Baker said it was the plan for her to go for victory from the start of the race if all went according to plan.
“If it was going to be a bunch sprint I would be sprinting; if it was going to be an aggressive and hard race where the other nations were going to make it super hard, then potentially Alex would be sprinting.
“We made the call out there with about 20km to go and I was feeling good, so we stuck to the plan and the girls [the Australia cyclists] led me out beautifully.”
The win marked Australia’s second straight win in the event after Chloe Hosking won the gold medal four years ago.
Roy, 36, who was fifth in the road race four years ago, said for so many riders to transition easily from the track to the road result showed Australian cycling was “developing and moving forward”.
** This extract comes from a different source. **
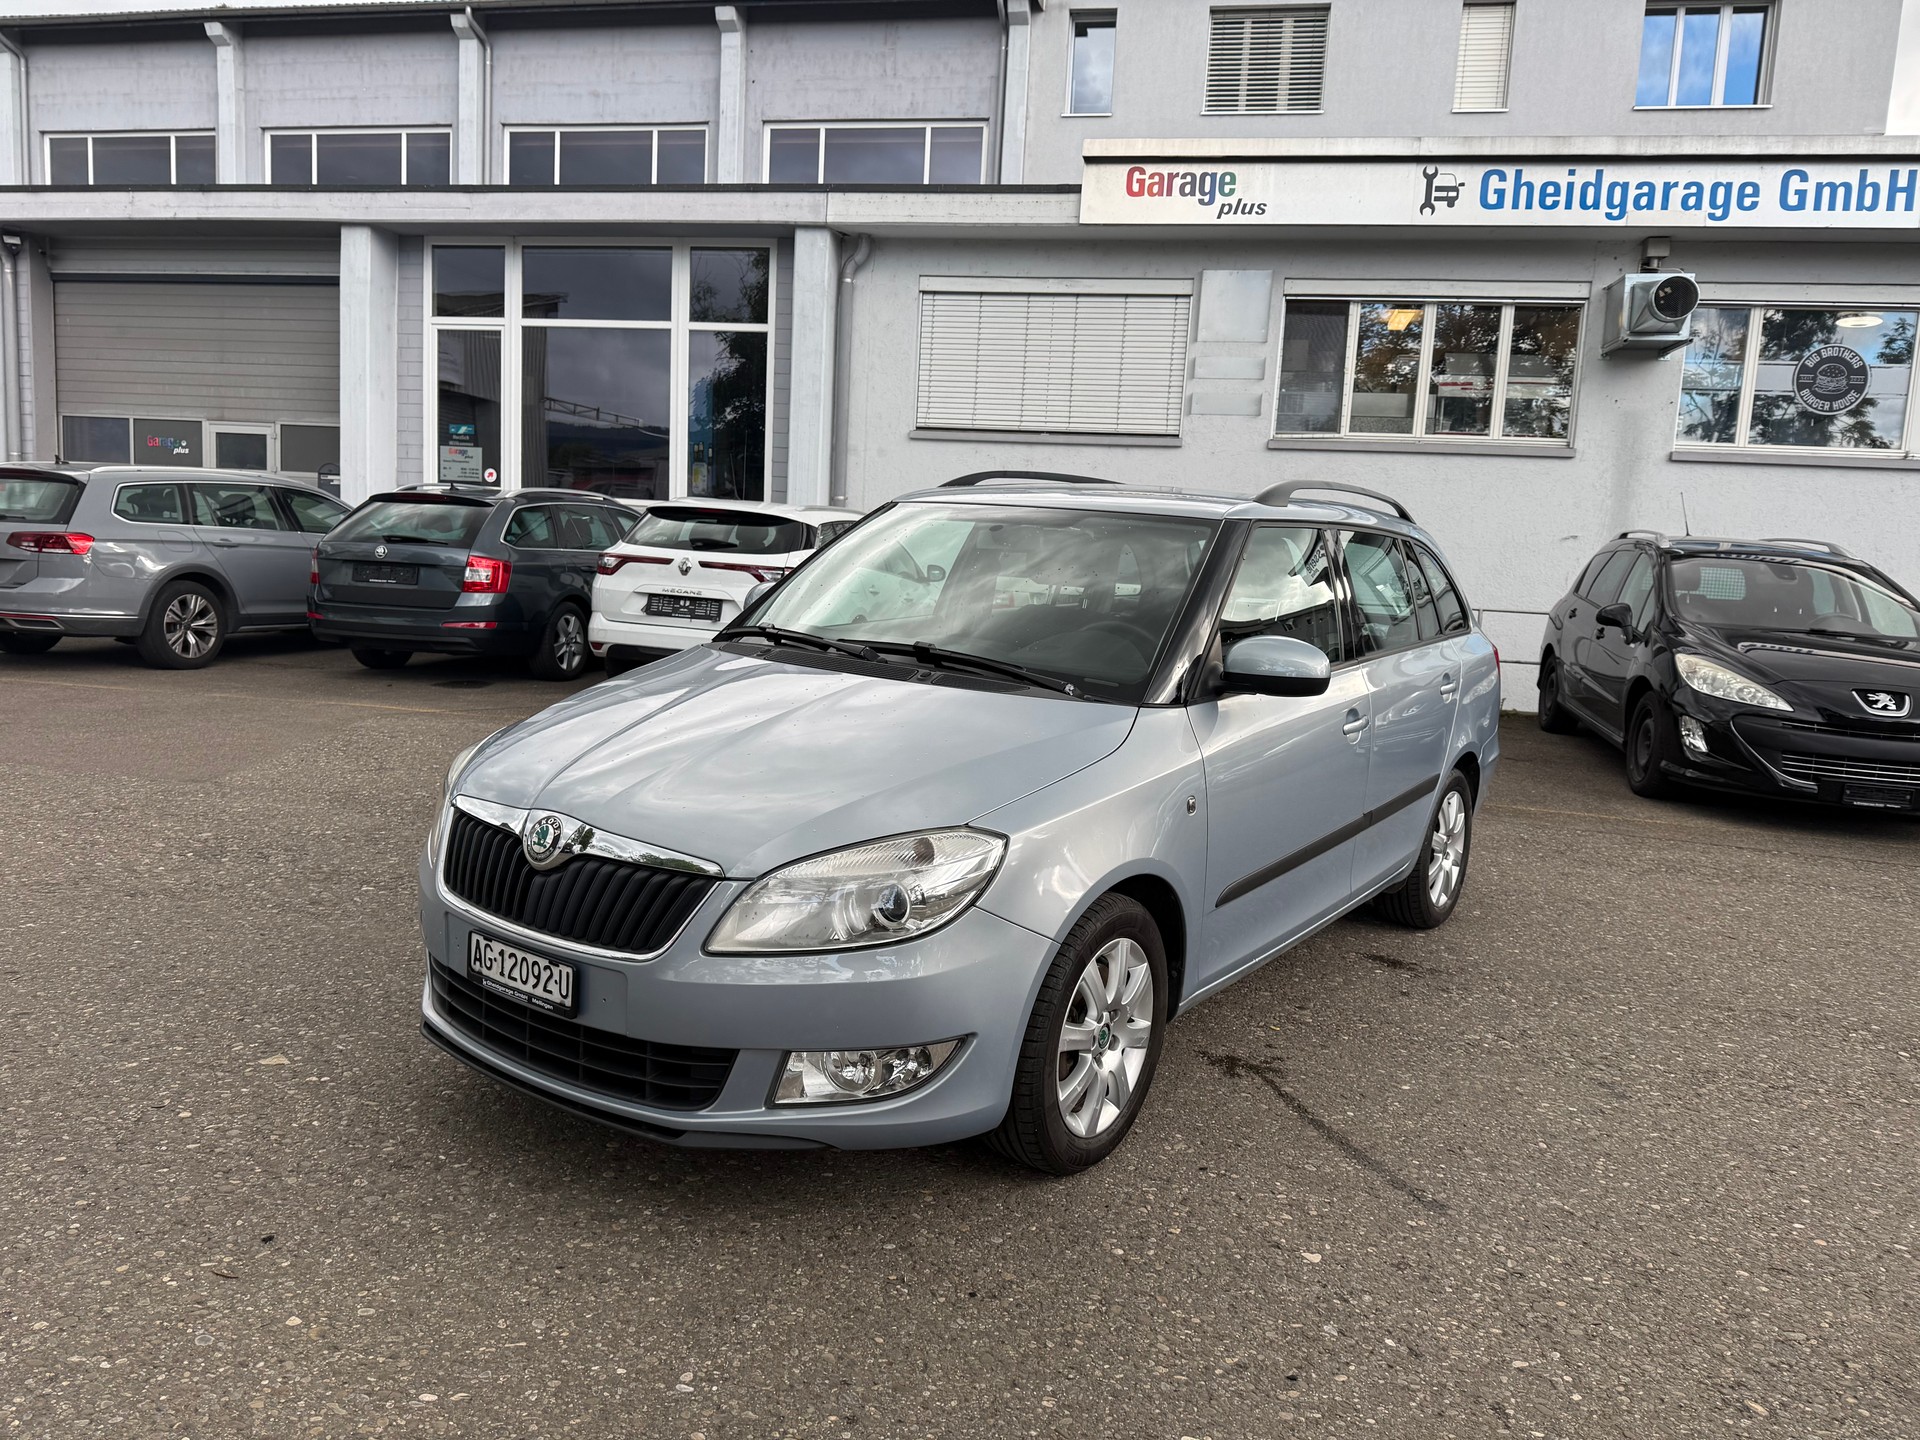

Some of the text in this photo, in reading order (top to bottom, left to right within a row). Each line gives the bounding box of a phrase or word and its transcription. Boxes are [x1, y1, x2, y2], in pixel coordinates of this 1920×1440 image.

“We were really controlled and calm, we trusted everyone and everyone had their role. When you execute that then special things like that can happen – first and third on the podium today,” she said.
New Zealand’s Aaron Gate became the first Kiwi to win four gold medals in one Games, coming from the clouds to run down leaders which included Welshman Geraint Thomas and Australian Lucas Plapp.
Speaking after the race, Gate said: “It’s hard to believe,” he said. “I put my arms up and I didn’t know if it had really happened or not. I’m kind of lost for words.”
South Africa’s Daryl Impey won the silver, with bronze for Scotland’s Finn Crockett.
Plapp finished in sixth place, with the Aussies without Rohan Dennis after he was taken to hospital for tests and observations following what Cycling Australia has called “discomfort”.